だからと言って、眼球だけを動かすと激痛が走るため、できるだけ目に負担をかけないように窓の位置や雰囲気だけで今自分が居る場所を推測する。
――ここは…誰かの寮室
寮室は大体どの部屋もベッドや家具、窓は同じデザインで、似たような位置に配置されているため、高嶺桜の寮室だと判別するのは難しくない。
寮室内は、普通の男子高校生の部屋といった雰囲気だ。
しかし、霧間自身の部屋ではなく、見ず知らずの人間の部屋であることは確かだった。
霧間自身はベッドに仰向けに寝かされており、暑くもなく寒くもないこの春の季節には丁度良い、薄い布団が丁寧に掛けられていた。
着ていたはずのブレザーは脱がされていて、窓辺のフックに掛けられてある。
ネクタイも外され、ブレザーのポケットにガサツではあるが入れられていて、緑の布地*がチラリと顔を出していた。
――ここに連れてきたのは、村上か?それにしては…
扱いが丁寧過ぎる。
仮にも、霧間は幾度に渡って、村上を喧嘩で容赦なく負かしてきた。
しかも、空白の四か月の前、最後に顔を合わせたのは漆戸組との最悪な状況だ。
漆戸組の一件では、村上が勝手に首を突っ込んできたこともあるが、元凶は霧間であり、霧間が巻き込んだと言っても過言ではない。
今日この日、久しぶりに霧間の前に姿を現した村上。
4人の不良を連れ、報復のため霧間を待ち伏せしていたと考えるのが妥当だ。
しかし、報復するためにとった行動なら、霧間が催涙スプレーをかけられて身動きできなかった時に痛めつけることは出来たはずだった。
寧ろ、村上は、それを止めていた。
理解し兼ねる村上の行動に、底知れない不穏感を覚えた霧間は、痺れて言う事の聞かない身体を必死に動かす。
「…っ……」
しかし、霧間が思っているよりも身体は重く、まるで自分の身体ではないようだった。
やっとのことで四つん這いになり、ずるずると進む。
ブレザーを取ろうと、ベッドから足を下ろそうとしたその時だった。
ガチャ…
「!!」
部屋のドアが開くと同時に、その音に気を取られた霧間は体重をかけていた腕をベッドからはみ出してしまう。

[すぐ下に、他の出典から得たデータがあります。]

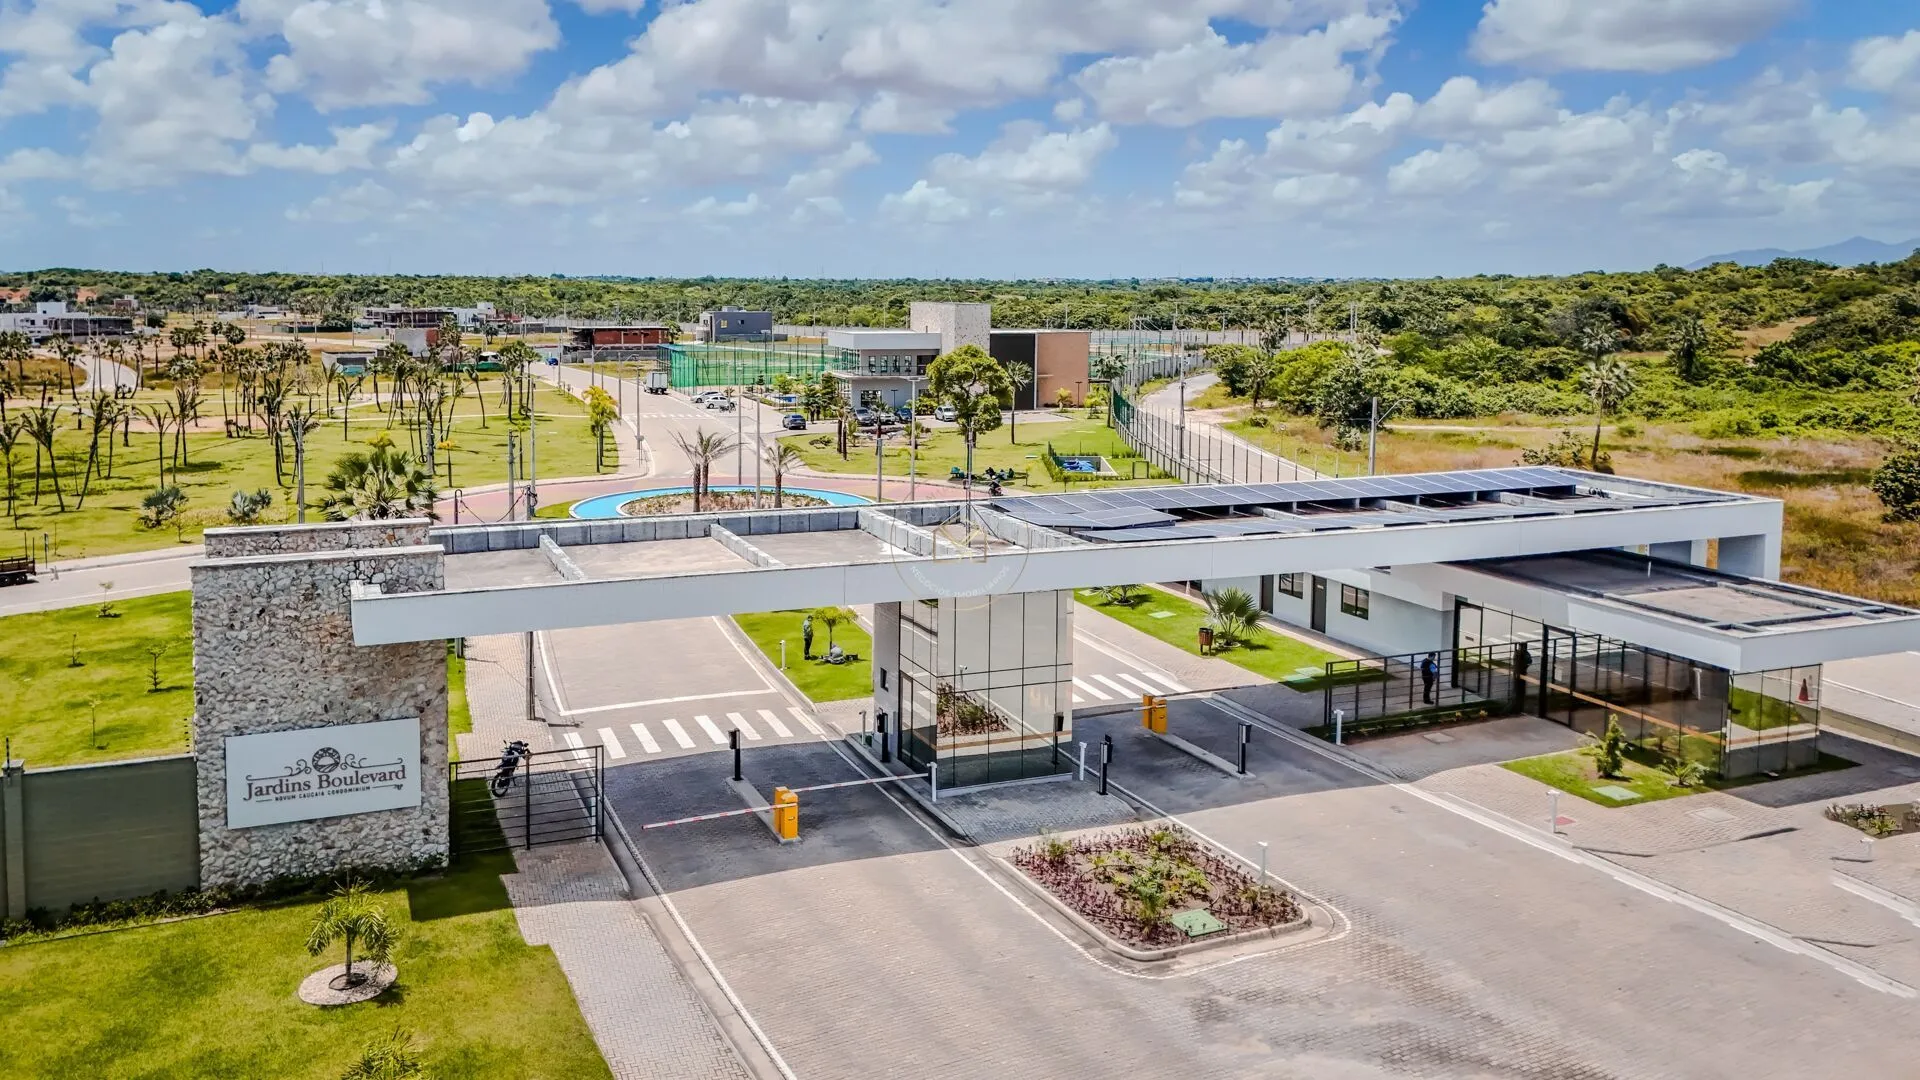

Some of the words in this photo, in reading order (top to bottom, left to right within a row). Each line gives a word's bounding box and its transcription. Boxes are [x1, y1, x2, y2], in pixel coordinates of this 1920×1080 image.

鉛のように重い身体は重力に逆らうことなく、霧間はガクンと頭から落下した。
はずだった。
村上が素早い動きで前に腕を回し霧間の身体を支えていた。
「そんな身体でどこに行くつもりだったんだ?霧間ぁ…」
*高嶺桜高校の制服は黒のブレザー。ネクタイは学年によって赤・青・緑とカラーが決まっている。1年の花岡は赤、2年は青、霧間、村上、王生ら3年は緑色。